By June 2013, some of the programs and movies airing on the block had been replaced with syndicated shows already airing on Nick at Nite (or with their rights dormant on that channel), such as That 70s Show, The New Adventures of Old Christine and Yes, Dear. Not including Instant Mom (whose second season aired on Nickelodeon and NickMom, but moved to TV Land for its third), the majority of the block's original shows were canceled due to low ratings or creative differences.
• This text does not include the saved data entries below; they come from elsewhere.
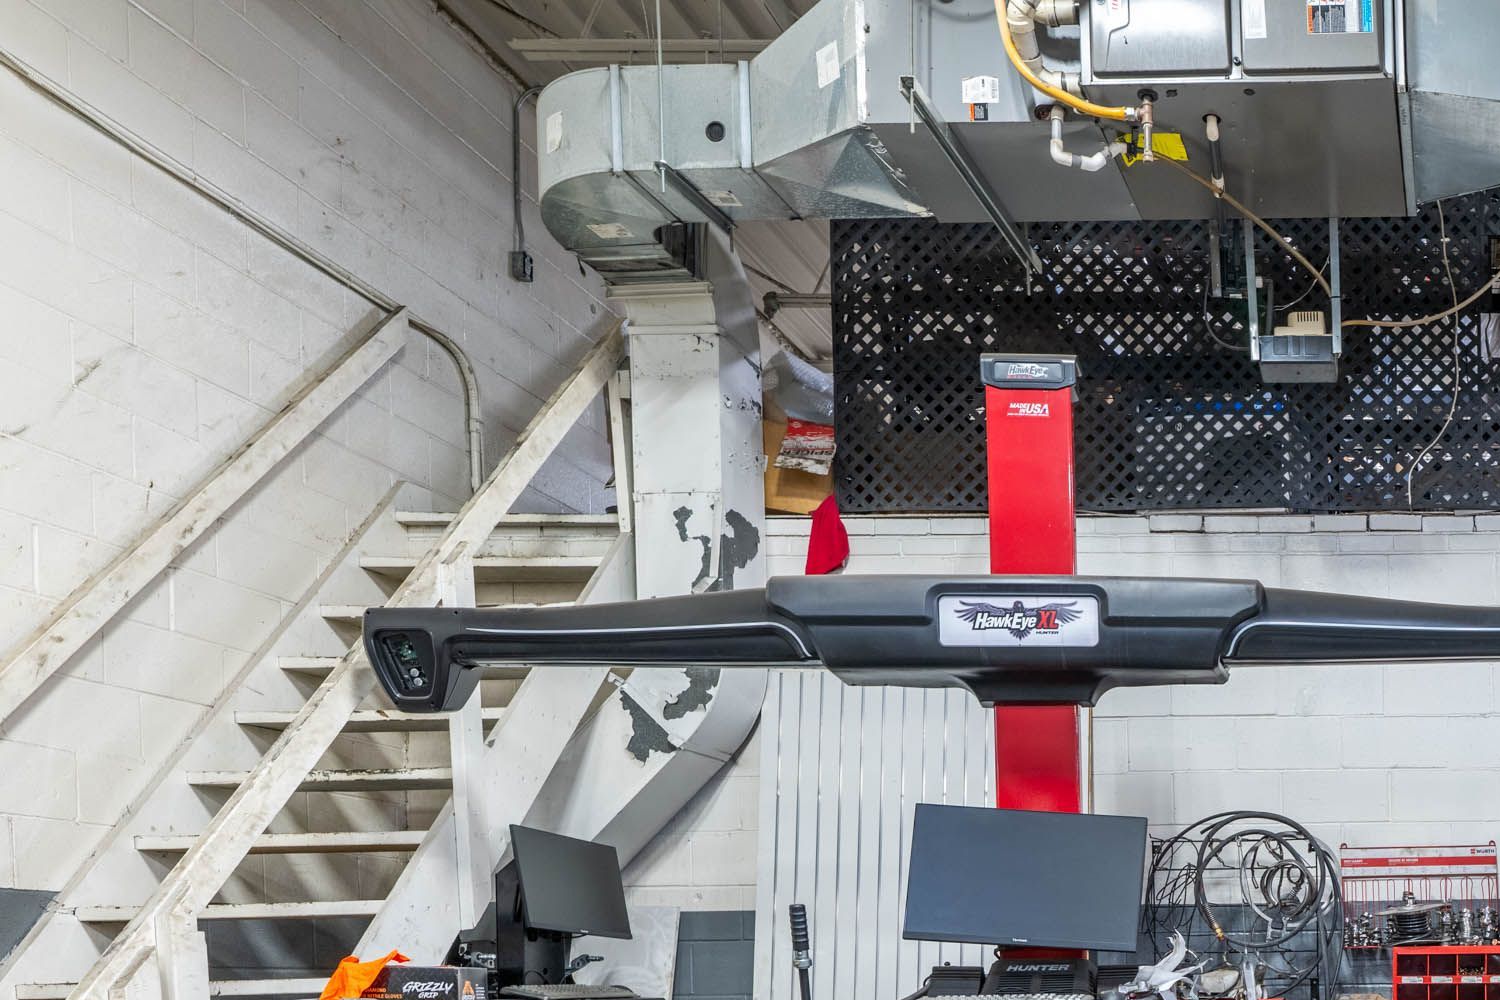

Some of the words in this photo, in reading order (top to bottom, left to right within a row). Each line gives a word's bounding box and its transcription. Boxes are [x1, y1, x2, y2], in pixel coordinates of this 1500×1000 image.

[1027, 403, 1049, 414] USA
[973, 611, 1037, 631] HawkEye
[1036, 609, 1059, 630] XL
[1006, 964, 1071, 972] HUNTER
[402, 981, 454, 995] GRIZZLY
In 2015, movie feature presentations were added to the schedule, with family-friendly and romantic comedies becoming prevalent. After acquiring its syndication rights, NickMom began airing the 2010 iteration of the NBC family drama, Parenthood, in April 2015, the rights for Parenthood were later transferred to Up after NickMom's closure as a complement to Gilmore Girls being carried by that network which featured Lauren Graham as a star in both series.

==Controversy==
The block's timing was met with some controversy. Since the network space operated on only one feed that broadcast on a default Eastern Time Zone schedule, NickMom programming started at earlier times for viewers in different time zones, including as early as mid-afternoon in Hawaii, which was found to be a challenge to parents in those time zones, given the block's adult-oriented humor. Due to concerns over inappropriate content, numerous viewers submitted petitions urging the network to cancel the program and even launched a website to mobilize a campaign against the corporations that advertised during its time slot. The single-feed problem was fixed in mid-February 2013, when a second Pacific Time Zone-based feed for Nick Jr. was launched.

==Ratings==
Nielsen ratings for the NickMom block's first week dropped 75% from that same period the year prior when Nick Jr. and Noggin programs aired in the timeslot, with some shows registering a "scratch" as being unrated due to a low sample size. A 2013 report from SNL Kagan and distributed by the Parents Television Council, which was opposed to the block, reported that the network's viewership was halved, and of advertisers during the time the most racy of NickMom content was available before the addition of Nick at Nite content, along with a surge in the ratings of competitors Disney Junior and Sprout, which continued to air preschool-targeted programming in primetime. The report noted the ratings were among the lowest in primetime for cable networks. Although the report also listed that the network had a cash flow of -27%, the network ran traditional advertising only during the NickMom block and sustained advertising for the rest of the broadcast day, and mainly was a loss leader as part of Nickelodeon's portion of the Viacom digital cable network suite; those networks usually make little money for the company and feature little to no advertising.